(Data for the task Opens)
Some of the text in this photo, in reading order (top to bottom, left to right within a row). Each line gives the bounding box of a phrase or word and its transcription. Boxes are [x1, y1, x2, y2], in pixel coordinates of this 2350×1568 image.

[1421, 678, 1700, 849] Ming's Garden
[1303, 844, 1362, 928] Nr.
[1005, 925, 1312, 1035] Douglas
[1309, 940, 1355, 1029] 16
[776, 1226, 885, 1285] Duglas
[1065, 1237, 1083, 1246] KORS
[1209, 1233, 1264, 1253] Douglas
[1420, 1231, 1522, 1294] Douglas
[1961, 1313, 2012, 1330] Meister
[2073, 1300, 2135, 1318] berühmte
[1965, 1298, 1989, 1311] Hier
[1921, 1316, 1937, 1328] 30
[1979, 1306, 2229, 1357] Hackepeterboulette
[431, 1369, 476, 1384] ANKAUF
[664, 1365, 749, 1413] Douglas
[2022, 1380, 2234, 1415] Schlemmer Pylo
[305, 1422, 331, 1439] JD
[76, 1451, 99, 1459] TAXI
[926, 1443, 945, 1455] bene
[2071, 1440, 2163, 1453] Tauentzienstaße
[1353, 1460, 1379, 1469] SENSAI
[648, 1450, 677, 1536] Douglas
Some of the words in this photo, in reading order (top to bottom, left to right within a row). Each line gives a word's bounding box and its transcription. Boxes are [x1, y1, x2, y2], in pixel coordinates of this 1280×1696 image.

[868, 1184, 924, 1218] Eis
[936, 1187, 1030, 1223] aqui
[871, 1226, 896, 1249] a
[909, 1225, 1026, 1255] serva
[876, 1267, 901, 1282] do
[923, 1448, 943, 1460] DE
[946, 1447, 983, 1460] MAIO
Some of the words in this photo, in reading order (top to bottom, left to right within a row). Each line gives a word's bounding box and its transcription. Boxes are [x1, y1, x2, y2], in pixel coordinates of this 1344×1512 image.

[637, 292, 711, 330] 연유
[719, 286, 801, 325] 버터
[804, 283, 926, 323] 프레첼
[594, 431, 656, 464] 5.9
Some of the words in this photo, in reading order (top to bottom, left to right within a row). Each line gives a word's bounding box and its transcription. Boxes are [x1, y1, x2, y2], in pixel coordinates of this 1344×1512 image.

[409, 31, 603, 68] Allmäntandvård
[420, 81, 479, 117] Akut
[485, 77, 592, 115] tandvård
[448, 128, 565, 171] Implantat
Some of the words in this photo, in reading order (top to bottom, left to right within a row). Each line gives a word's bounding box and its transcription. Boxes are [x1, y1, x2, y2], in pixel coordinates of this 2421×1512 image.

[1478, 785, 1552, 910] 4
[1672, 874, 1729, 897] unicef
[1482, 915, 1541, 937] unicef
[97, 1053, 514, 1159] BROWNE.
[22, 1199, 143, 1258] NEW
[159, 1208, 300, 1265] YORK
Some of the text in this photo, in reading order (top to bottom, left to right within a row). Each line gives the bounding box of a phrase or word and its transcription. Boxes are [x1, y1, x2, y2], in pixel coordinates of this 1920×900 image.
(Data for the task Closes)
Exercise directions: Please print the listing exactly, keeping each line as it is.

Answer to this exercise:
Some of the text in this photo, in reading order (top to bottom, left to right within a row). Each line gives the bounding box of a phrase or word and its transcription. Boxes are [x1, y1, x2, y2], in pixel coordinates of this 2350×1568 image.

[1421, 678, 1700, 849] Ming's Garden
[1303, 844, 1362, 928] Nr.
[1005, 925, 1312, 1035] Douglas
[1309, 940, 1355, 1029] 16
[776, 1226, 885, 1285] Duglas
[1065, 1237, 1083, 1246] KORS
[1209, 1233, 1264, 1253] Douglas
[1420, 1231, 1522, 1294] Douglas
[1961, 1313, 2012, 1330] Meister
[2073, 1300, 2135, 1318] berühmte
[1965, 1298, 1989, 1311] Hier
[1921, 1316, 1937, 1328] 30
[1979, 1306, 2229, 1357] Hackepeterboulette
[431, 1369, 476, 1384] ANKAUF
[664, 1365, 749, 1413] Douglas
[2022, 1380, 2234, 1415] Schlemmer Pylo
[305, 1422, 331, 1439] JD
[76, 1451, 99, 1459] TAXI
[926, 1443, 945, 1455] bene
[2071, 1440, 2163, 1453] Tauentzienstaße
[1353, 1460, 1379, 1469] SENSAI
[648, 1450, 677, 1536] Douglas
Some of the words in this photo, in reading order (top to bottom, left to right within a row). Each line gives a word's bounding box and its transcription. Boxes are [x1, y1, x2, y2], in pixel coordinates of this 1280×1696 image.

[868, 1184, 924, 1218] Eis
[936, 1187, 1030, 1223] aqui
[871, 1226, 896, 1249] a
[909, 1225, 1026, 1255] serva
[876, 1267, 901, 1282] do
[923, 1448, 943, 1460] DE
[946, 1447, 983, 1460] MAIO
Some of the words in this photo, in reading order (top to bottom, left to right within a row). Each line gives a word's bounding box and its transcription. Boxes are [x1, y1, x2, y2], in pixel coordinates of this 1344×1512 image.

[637, 292, 711, 330] 연유
[719, 286, 801, 325] 버터
[804, 283, 926, 323] 프레첼
[594, 431, 656, 464] 5.9
Some of the words in this photo, in reading order (top to bottom, left to right within a row). Each line gives a word's bounding box and its transcription. Boxes are [x1, y1, x2, y2], in pixel coordinates of this 1344×1512 image.

[409, 31, 603, 68] Allmäntandvård
[420, 81, 479, 117] Akut
[485, 77, 592, 115] tandvård
[448, 128, 565, 171] Implantat
Some of the words in this photo, in reading order (top to bottom, left to right within a row). Each line gives a word's bounding box and its transcription. Boxes are [x1, y1, x2, y2], in pixel coordinates of this 2421×1512 image.

[1478, 785, 1552, 910] 4
[1672, 874, 1729, 897] unicef
[1482, 915, 1541, 937] unicef
[97, 1053, 514, 1159] BROWNE.
[22, 1199, 143, 1258] NEW
[159, 1208, 300, 1265] YORK
Some of the text in this photo, in reading order (top to bottom, left to right within a row). Each line gives the bounding box of a phrase or word and its transcription. Boxes are [x1, y1, x2, y2], in pixel coordinates of this 1920×900 image.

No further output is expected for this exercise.